The good news is that it is not yet ready for prime time, and it will probably be years before it really is ready for prime time. I know Amazon Cloud Computing programmers have been working on this same issue for years because it is a major competitive advantage for cloud computing. Everyone in the cloud computing business knows that this addresses a lot of compliance issues that are keeping some industries from exploring cloud technology because they are so heavily regulated. It is also interesting that the first direct words in the article were that this would help the health care industry, of course it would, and that is one of the biggest growth industries in America. Anything that helps or adds something new to buy for an industry as regulated as health care makes sense, and is a potential way to dominate the market. But this kind of technology goes far beyond just simple healthcare, it goes into a lot of content delivery systems, movies, games, music, and most everything else that can be easily digitized and processed.

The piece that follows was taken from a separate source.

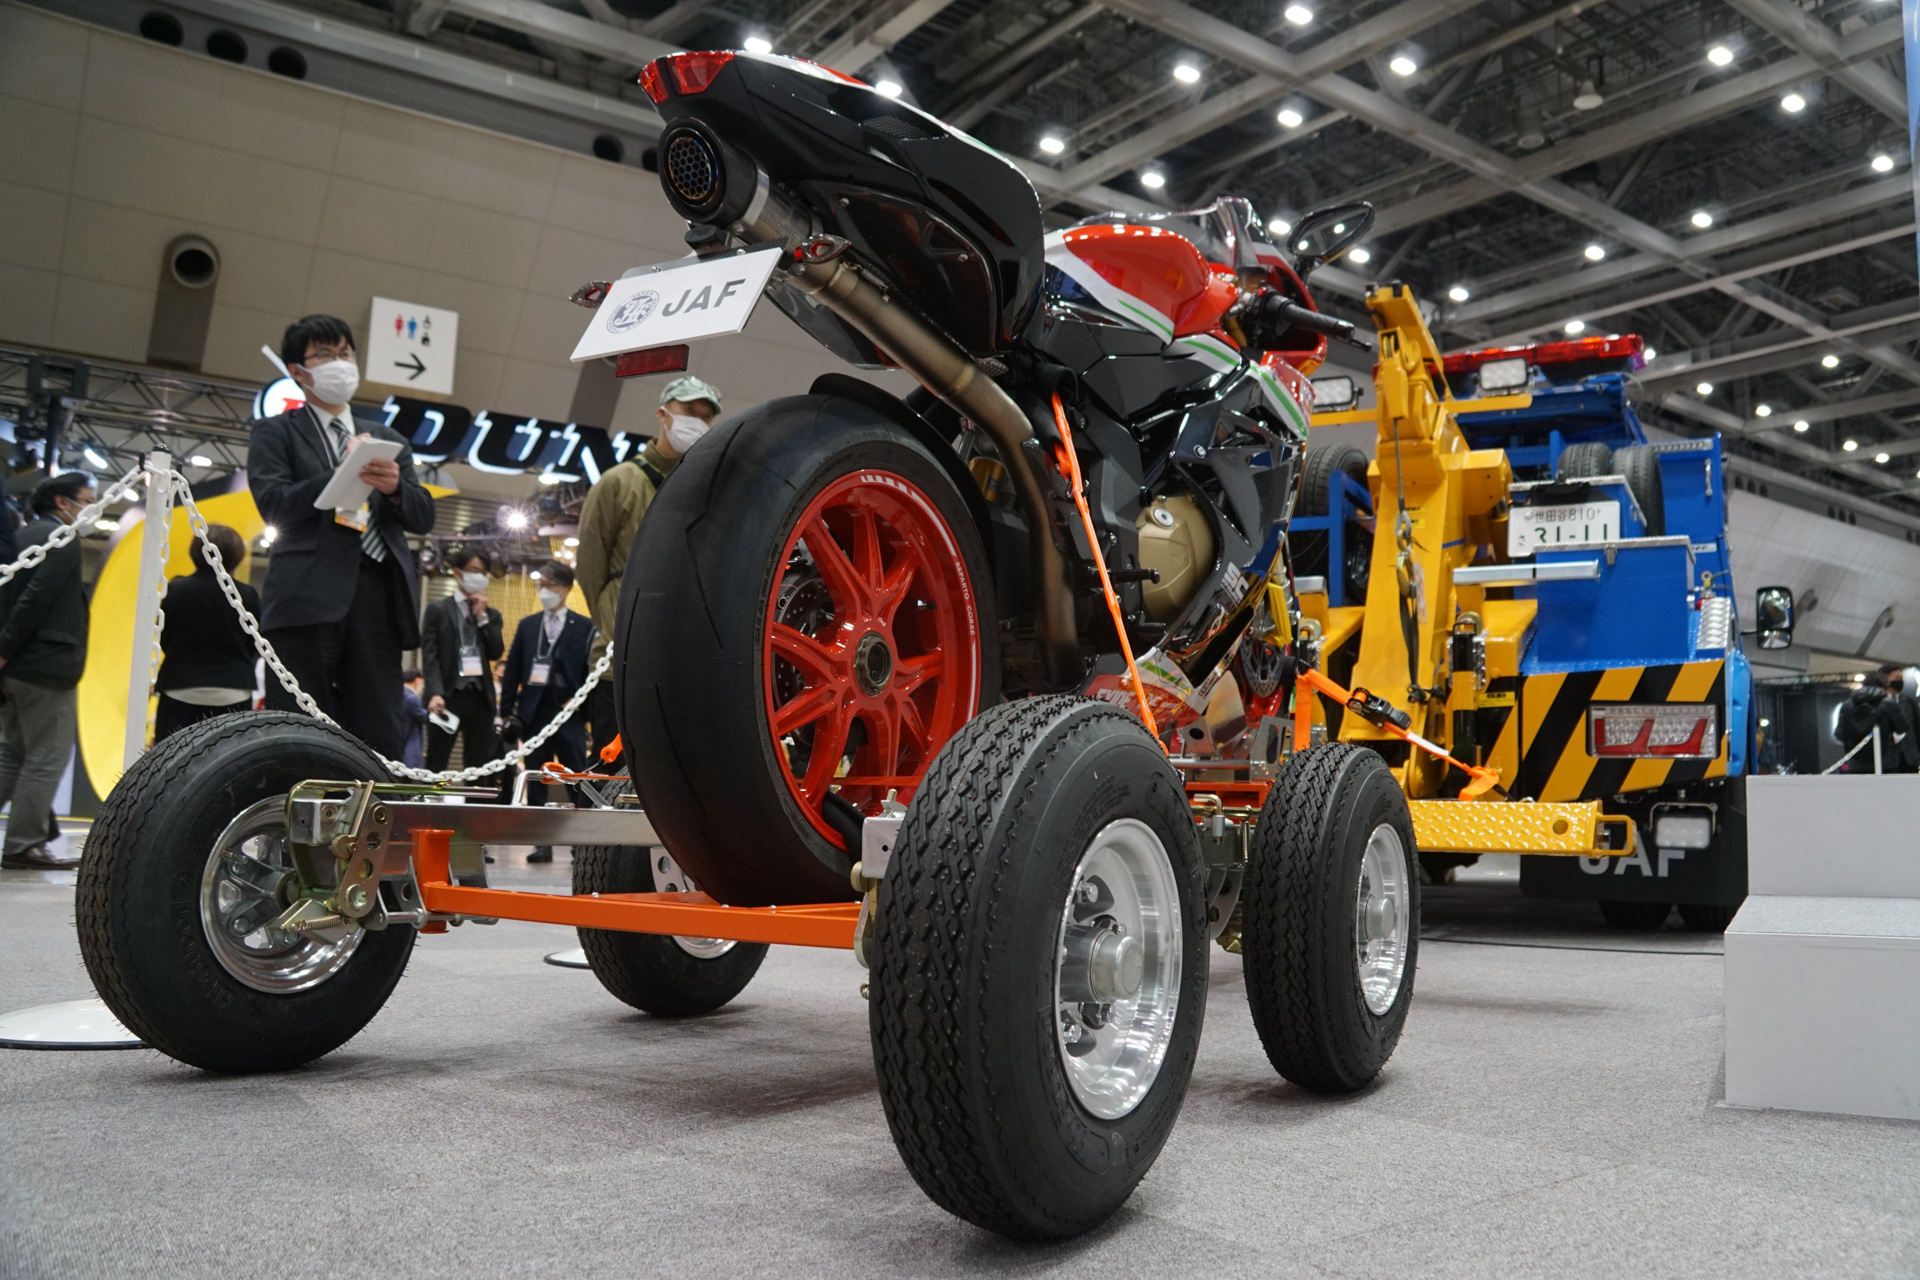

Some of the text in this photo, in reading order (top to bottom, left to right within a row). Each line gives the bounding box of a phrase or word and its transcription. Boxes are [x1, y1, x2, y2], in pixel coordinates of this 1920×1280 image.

[661, 278, 746, 317] JAF
[955, 561, 976, 636] REPARTO CORSE

The downside to this is that it also makes a lot of sense for hackers and nation states to adopt this for their own technology and hacking needs. If the FBI, IFPI, or others simply get a cloud image of encrypted data and no keys, no one is going to easily break into it. Harder to prove that something bad was happening when everything is encrypted. There is a downside to everything, this would be the big one, once hackers have the idea, they can put almost as many resources as Microsoft or others can put on the problem, possibly coming up with a working solution faster than commercial industry.
Related articles
- Encrypted cloud could lead to hack-proof data (slashgear.com)
- Encrypting Data in the Cloud (q-ontech.blogspot.com)
- Data encryption and the Cloud (go.theregister.com)

Gosh, not a single mention of Craig Gentry and IBM? When I heard the analogy using Alice’s gloveboxes, it all started to make sense to me. I watched Craig disagreed with Adi Shamir at RSA 2009 and win the argument, so then I knew he was the real deal.
http://domino.research.ibm.com/comm/research_projects.nsf/pages/security.homoenc.html
Hi Too Tall Sid – thanks for the back links to IBM, they did a lot of interesting theoretical work, but really what matters is the proof. Theory is awesome, but once you develop the POC code, everything takes off from there. That is why it was not mentioned.